REQUIREMENT:
Repeat all of the data below word for word, keeping no images.

[Records excerpted from a collection]
....................
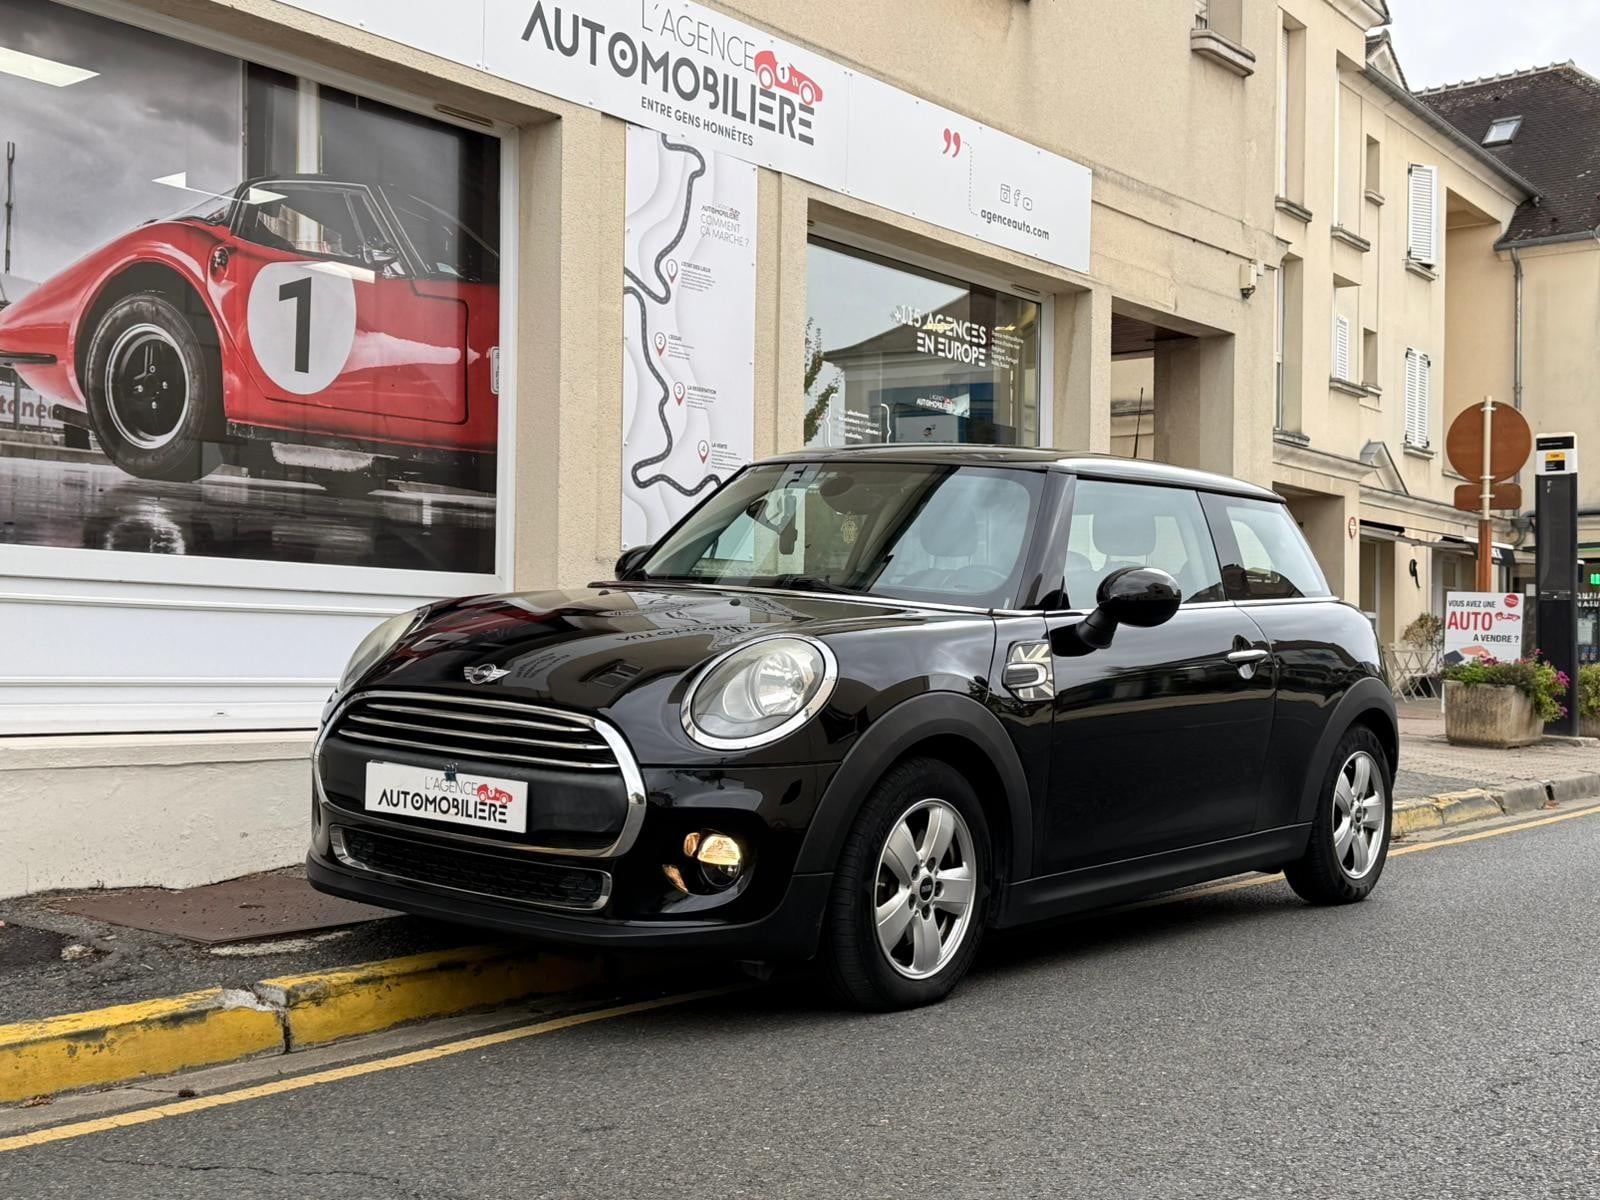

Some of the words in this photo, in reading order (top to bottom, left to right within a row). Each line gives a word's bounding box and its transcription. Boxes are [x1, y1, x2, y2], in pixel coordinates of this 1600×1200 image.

[641, 0, 756, 73] L'AGENCE
[641, 96, 672, 118] ENTRE
[674, 109, 701, 128] GENS
[703, 119, 754, 146] HONNÊTES
[700, 213, 740, 233] COMMENT
[980, 209, 1050, 240] agenceauto.com
[278, 276, 313, 374] 1
[925, 312, 987, 345] AGENCES
[917, 332, 935, 354] EN
[938, 337, 986, 367] EUROPE
[1448, 600, 1465, 608] VOUS
[1466, 600, 1482, 608] AVEZ
[1483, 600, 1496, 608] UNE
[1447, 610, 1493, 631] AUTO
[1481, 634, 1513, 643] VENDRE
[425, 775, 478, 796] L'AGENCE
....................
REPLY TO THE TASK:
Some of the words in this photo, in reading order (top to bottom, left to right within a row). Each line gives a word's bounding box and its transcription. Boxes are [x1, y1, x2, y2], in pixel coordinates of this 1600×1200 image.

[641, 0, 756, 73] L'AGENCE
[641, 96, 672, 118] ENTRE
[674, 109, 701, 128] GENS
[703, 119, 754, 146] HONNÊTES
[700, 213, 740, 233] COMMENT
[980, 209, 1050, 240] agenceauto.com
[278, 276, 313, 374] 1
[925, 312, 987, 345] AGENCES
[917, 332, 935, 354] EN
[938, 337, 986, 367] EUROPE
[1448, 600, 1465, 608] VOUS
[1466, 600, 1482, 608] AVEZ
[1483, 600, 1496, 608] UNE
[1447, 610, 1493, 631] AUTO
[1481, 634, 1513, 643] VENDRE
[425, 775, 478, 796] L'AGENCE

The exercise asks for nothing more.